## EXERCISE OBJECTIVE
Please reproduce each of the entries below exactly as they appear.

## Spatial localization data
• • • • •

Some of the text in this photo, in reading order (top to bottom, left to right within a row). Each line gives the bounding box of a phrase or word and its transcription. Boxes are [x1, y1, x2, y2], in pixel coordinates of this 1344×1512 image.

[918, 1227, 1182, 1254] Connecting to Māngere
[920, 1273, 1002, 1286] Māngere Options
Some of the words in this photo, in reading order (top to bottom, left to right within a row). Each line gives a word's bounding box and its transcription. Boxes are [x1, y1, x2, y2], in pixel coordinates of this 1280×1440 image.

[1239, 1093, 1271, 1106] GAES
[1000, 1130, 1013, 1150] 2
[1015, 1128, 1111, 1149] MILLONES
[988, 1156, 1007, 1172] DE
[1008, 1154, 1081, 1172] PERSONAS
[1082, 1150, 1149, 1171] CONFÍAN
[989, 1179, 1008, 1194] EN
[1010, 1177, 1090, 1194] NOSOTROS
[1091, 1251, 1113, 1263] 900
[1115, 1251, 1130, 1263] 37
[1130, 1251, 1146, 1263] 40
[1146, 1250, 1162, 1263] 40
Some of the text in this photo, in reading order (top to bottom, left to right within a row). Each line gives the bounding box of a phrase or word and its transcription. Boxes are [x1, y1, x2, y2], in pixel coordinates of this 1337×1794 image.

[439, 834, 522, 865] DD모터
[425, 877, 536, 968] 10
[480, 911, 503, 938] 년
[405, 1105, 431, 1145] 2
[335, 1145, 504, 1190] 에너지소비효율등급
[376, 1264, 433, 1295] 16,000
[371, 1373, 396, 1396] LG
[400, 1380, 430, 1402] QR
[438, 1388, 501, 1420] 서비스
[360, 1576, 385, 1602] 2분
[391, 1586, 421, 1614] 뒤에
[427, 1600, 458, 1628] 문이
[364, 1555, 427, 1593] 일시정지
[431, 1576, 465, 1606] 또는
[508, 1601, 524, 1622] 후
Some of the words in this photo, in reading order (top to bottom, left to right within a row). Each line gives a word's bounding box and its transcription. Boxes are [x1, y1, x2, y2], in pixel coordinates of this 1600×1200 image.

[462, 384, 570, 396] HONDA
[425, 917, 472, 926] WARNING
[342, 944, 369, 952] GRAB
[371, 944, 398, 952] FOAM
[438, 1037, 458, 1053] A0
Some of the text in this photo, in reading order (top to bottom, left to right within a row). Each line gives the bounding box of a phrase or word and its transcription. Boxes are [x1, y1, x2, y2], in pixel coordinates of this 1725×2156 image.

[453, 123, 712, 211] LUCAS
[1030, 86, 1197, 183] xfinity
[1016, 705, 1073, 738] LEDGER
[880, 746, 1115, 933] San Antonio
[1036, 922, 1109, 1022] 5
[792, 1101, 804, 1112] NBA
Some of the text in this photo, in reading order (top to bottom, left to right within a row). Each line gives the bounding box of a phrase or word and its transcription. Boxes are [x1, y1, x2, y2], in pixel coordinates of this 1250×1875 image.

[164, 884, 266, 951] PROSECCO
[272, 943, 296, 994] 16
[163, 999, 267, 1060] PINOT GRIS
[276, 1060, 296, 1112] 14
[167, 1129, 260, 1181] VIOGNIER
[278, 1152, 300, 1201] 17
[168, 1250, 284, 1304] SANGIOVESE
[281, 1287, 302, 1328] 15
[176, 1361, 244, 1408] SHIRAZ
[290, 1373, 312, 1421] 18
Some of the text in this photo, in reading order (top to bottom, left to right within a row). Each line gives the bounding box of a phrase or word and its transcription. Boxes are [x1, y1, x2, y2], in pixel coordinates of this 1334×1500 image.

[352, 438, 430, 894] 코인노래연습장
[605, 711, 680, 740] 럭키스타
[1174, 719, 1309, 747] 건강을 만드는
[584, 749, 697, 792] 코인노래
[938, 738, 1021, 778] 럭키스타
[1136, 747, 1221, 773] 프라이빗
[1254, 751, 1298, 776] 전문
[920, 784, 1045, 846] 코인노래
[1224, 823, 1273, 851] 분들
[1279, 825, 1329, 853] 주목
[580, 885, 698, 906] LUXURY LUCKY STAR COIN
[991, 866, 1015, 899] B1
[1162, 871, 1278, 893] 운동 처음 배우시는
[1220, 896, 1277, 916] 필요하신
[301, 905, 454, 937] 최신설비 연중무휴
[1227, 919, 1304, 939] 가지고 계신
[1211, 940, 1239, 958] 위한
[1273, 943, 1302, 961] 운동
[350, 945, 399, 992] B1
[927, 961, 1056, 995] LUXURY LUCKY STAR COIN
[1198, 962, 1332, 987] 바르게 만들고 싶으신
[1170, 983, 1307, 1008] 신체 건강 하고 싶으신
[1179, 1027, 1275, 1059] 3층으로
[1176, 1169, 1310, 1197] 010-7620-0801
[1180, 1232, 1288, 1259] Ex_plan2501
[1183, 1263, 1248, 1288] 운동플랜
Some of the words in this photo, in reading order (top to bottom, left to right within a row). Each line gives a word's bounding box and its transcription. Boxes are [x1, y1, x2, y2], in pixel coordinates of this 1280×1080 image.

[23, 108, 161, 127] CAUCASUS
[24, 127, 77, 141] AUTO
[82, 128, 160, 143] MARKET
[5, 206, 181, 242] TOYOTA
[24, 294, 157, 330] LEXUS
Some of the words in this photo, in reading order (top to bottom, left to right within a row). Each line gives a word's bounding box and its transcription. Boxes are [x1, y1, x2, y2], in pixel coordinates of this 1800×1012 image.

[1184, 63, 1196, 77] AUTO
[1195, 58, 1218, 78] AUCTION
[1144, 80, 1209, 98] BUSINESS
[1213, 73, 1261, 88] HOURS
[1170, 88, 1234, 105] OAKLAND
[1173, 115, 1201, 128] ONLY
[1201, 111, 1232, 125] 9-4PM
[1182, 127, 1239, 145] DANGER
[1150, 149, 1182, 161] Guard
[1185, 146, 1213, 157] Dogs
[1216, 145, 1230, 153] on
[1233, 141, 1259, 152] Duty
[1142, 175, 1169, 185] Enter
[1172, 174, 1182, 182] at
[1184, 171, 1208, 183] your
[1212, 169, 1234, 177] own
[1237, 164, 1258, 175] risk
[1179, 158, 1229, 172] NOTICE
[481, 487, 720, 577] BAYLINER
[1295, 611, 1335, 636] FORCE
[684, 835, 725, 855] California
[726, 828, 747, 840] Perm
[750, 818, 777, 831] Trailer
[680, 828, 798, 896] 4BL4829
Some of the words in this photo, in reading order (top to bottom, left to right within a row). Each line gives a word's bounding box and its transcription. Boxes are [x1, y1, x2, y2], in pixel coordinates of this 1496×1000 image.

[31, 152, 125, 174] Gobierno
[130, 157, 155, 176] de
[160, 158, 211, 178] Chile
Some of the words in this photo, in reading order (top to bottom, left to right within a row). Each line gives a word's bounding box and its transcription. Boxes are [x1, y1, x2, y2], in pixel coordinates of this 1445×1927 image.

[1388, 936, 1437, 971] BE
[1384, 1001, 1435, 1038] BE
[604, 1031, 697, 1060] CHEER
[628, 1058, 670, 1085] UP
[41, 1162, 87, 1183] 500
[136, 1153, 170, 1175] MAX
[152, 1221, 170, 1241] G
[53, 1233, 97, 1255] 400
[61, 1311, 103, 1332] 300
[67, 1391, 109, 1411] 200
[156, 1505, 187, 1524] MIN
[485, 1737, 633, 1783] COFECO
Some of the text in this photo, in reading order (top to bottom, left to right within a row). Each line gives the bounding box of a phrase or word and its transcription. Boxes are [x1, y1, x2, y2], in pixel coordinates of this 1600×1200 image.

• • • • •

## EXPECTED OUTPUT
Some of the text in this photo, in reading order (top to bottom, left to right within a row). Each line gives the bounding box of a phrase or word and its transcription. Boxes are [x1, y1, x2, y2], in pixel coordinates of this 1344×1512 image.

[918, 1227, 1182, 1254] Connecting to Māngere
[920, 1273, 1002, 1286] Māngere Options
Some of the words in this photo, in reading order (top to bottom, left to right within a row). Each line gives a word's bounding box and its transcription. Boxes are [x1, y1, x2, y2], in pixel coordinates of this 1280×1440 image.

[1239, 1093, 1271, 1106] GAES
[1000, 1130, 1013, 1150] 2
[1015, 1128, 1111, 1149] MILLONES
[988, 1156, 1007, 1172] DE
[1008, 1154, 1081, 1172] PERSONAS
[1082, 1150, 1149, 1171] CONFÍAN
[989, 1179, 1008, 1194] EN
[1010, 1177, 1090, 1194] NOSOTROS
[1091, 1251, 1113, 1263] 900
[1115, 1251, 1130, 1263] 37
[1130, 1251, 1146, 1263] 40
[1146, 1250, 1162, 1263] 40
Some of the text in this photo, in reading order (top to bottom, left to right within a row). Each line gives the bounding box of a phrase or word and its transcription. Boxes are [x1, y1, x2, y2], in pixel coordinates of this 1337×1794 image.

[439, 834, 522, 865] DD모터
[425, 877, 536, 968] 10
[480, 911, 503, 938] 년
[405, 1105, 431, 1145] 2
[335, 1145, 504, 1190] 에너지소비효율등급
[376, 1264, 433, 1295] 16,000
[371, 1373, 396, 1396] LG
[400, 1380, 430, 1402] QR
[438, 1388, 501, 1420] 서비스
[360, 1576, 385, 1602] 2분
[391, 1586, 421, 1614] 뒤에
[427, 1600, 458, 1628] 문이
[364, 1555, 427, 1593] 일시정지
[431, 1576, 465, 1606] 또는
[508, 1601, 524, 1622] 후
Some of the words in this photo, in reading order (top to bottom, left to right within a row). Each line gives a word's bounding box and its transcription. Boxes are [x1, y1, x2, y2], in pixel coordinates of this 1600×1200 image.

[462, 384, 570, 396] HONDA
[425, 917, 472, 926] WARNING
[342, 944, 369, 952] GRAB
[371, 944, 398, 952] FOAM
[438, 1037, 458, 1053] A0
Some of the text in this photo, in reading order (top to bottom, left to right within a row). Each line gives the bounding box of a phrase or word and its transcription. Boxes are [x1, y1, x2, y2], in pixel coordinates of this 1725×2156 image.

[453, 123, 712, 211] LUCAS
[1030, 86, 1197, 183] xfinity
[1016, 705, 1073, 738] LEDGER
[880, 746, 1115, 933] San Antonio
[1036, 922, 1109, 1022] 5
[792, 1101, 804, 1112] NBA
Some of the text in this photo, in reading order (top to bottom, left to right within a row). Each line gives the bounding box of a phrase or word and its transcription. Boxes are [x1, y1, x2, y2], in pixel coordinates of this 1250×1875 image.

[164, 884, 266, 951] PROSECCO
[272, 943, 296, 994] 16
[163, 999, 267, 1060] PINOT GRIS
[276, 1060, 296, 1112] 14
[167, 1129, 260, 1181] VIOGNIER
[278, 1152, 300, 1201] 17
[168, 1250, 284, 1304] SANGIOVESE
[281, 1287, 302, 1328] 15
[176, 1361, 244, 1408] SHIRAZ
[290, 1373, 312, 1421] 18
Some of the text in this photo, in reading order (top to bottom, left to right within a row). Each line gives the bounding box of a phrase or word and its transcription. Boxes are [x1, y1, x2, y2], in pixel coordinates of this 1334×1500 image.

[352, 438, 430, 894] 코인노래연습장
[605, 711, 680, 740] 럭키스타
[1174, 719, 1309, 747] 건강을 만드는
[584, 749, 697, 792] 코인노래
[938, 738, 1021, 778] 럭키스타
[1136, 747, 1221, 773] 프라이빗
[1254, 751, 1298, 776] 전문
[920, 784, 1045, 846] 코인노래
[1224, 823, 1273, 851] 분들
[1279, 825, 1329, 853] 주목
[580, 885, 698, 906] LUXURY LUCKY STAR COIN
[991, 866, 1015, 899] B1
[1162, 871, 1278, 893] 운동 처음 배우시는
[1220, 896, 1277, 916] 필요하신
[301, 905, 454, 937] 최신설비 연중무휴
[1227, 919, 1304, 939] 가지고 계신
[1211, 940, 1239, 958] 위한
[1273, 943, 1302, 961] 운동
[350, 945, 399, 992] B1
[927, 961, 1056, 995] LUXURY LUCKY STAR COIN
[1198, 962, 1332, 987] 바르게 만들고 싶으신
[1170, 983, 1307, 1008] 신체 건강 하고 싶으신
[1179, 1027, 1275, 1059] 3층으로
[1176, 1169, 1310, 1197] 010-7620-0801
[1180, 1232, 1288, 1259] Ex_plan2501
[1183, 1263, 1248, 1288] 운동플랜
Some of the words in this photo, in reading order (top to bottom, left to right within a row). Each line gives a word's bounding box and its transcription. Boxes are [x1, y1, x2, y2], in pixel coordinates of this 1280×1080 image.

[23, 108, 161, 127] CAUCASUS
[24, 127, 77, 141] AUTO
[82, 128, 160, 143] MARKET
[5, 206, 181, 242] TOYOTA
[24, 294, 157, 330] LEXUS
Some of the words in this photo, in reading order (top to bottom, left to right within a row). Each line gives a word's bounding box and its transcription. Boxes are [x1, y1, x2, y2], in pixel coordinates of this 1800×1012 image.

[1184, 63, 1196, 77] AUTO
[1195, 58, 1218, 78] AUCTION
[1144, 80, 1209, 98] BUSINESS
[1213, 73, 1261, 88] HOURS
[1170, 88, 1234, 105] OAKLAND
[1173, 115, 1201, 128] ONLY
[1201, 111, 1232, 125] 9-4PM
[1182, 127, 1239, 145] DANGER
[1150, 149, 1182, 161] Guard
[1185, 146, 1213, 157] Dogs
[1216, 145, 1230, 153] on
[1233, 141, 1259, 152] Duty
[1142, 175, 1169, 185] Enter
[1172, 174, 1182, 182] at
[1184, 171, 1208, 183] your
[1212, 169, 1234, 177] own
[1237, 164, 1258, 175] risk
[1179, 158, 1229, 172] NOTICE
[481, 487, 720, 577] BAYLINER
[1295, 611, 1335, 636] FORCE
[684, 835, 725, 855] California
[726, 828, 747, 840] Perm
[750, 818, 777, 831] Trailer
[680, 828, 798, 896] 4BL4829
Some of the words in this photo, in reading order (top to bottom, left to right within a row). Each line gives a word's bounding box and its transcription. Boxes are [x1, y1, x2, y2], in pixel coordinates of this 1496×1000 image.

[31, 152, 125, 174] Gobierno
[130, 157, 155, 176] de
[160, 158, 211, 178] Chile
Some of the words in this photo, in reading order (top to bottom, left to right within a row). Each line gives a word's bounding box and its transcription. Boxes are [x1, y1, x2, y2], in pixel coordinates of this 1445×1927 image.

[1388, 936, 1437, 971] BE
[1384, 1001, 1435, 1038] BE
[604, 1031, 697, 1060] CHEER
[628, 1058, 670, 1085] UP
[41, 1162, 87, 1183] 500
[136, 1153, 170, 1175] MAX
[152, 1221, 170, 1241] G
[53, 1233, 97, 1255] 400
[61, 1311, 103, 1332] 300
[67, 1391, 109, 1411] 200
[156, 1505, 187, 1524] MIN
[485, 1737, 633, 1783] COFECO
Some of the text in this photo, in reading order (top to bottom, left to right within a row). Each line gives the bounding box of a phrase or word and its transcription. Boxes are [x1, y1, x2, y2], in pixel coordinates of this 1600×1200 image.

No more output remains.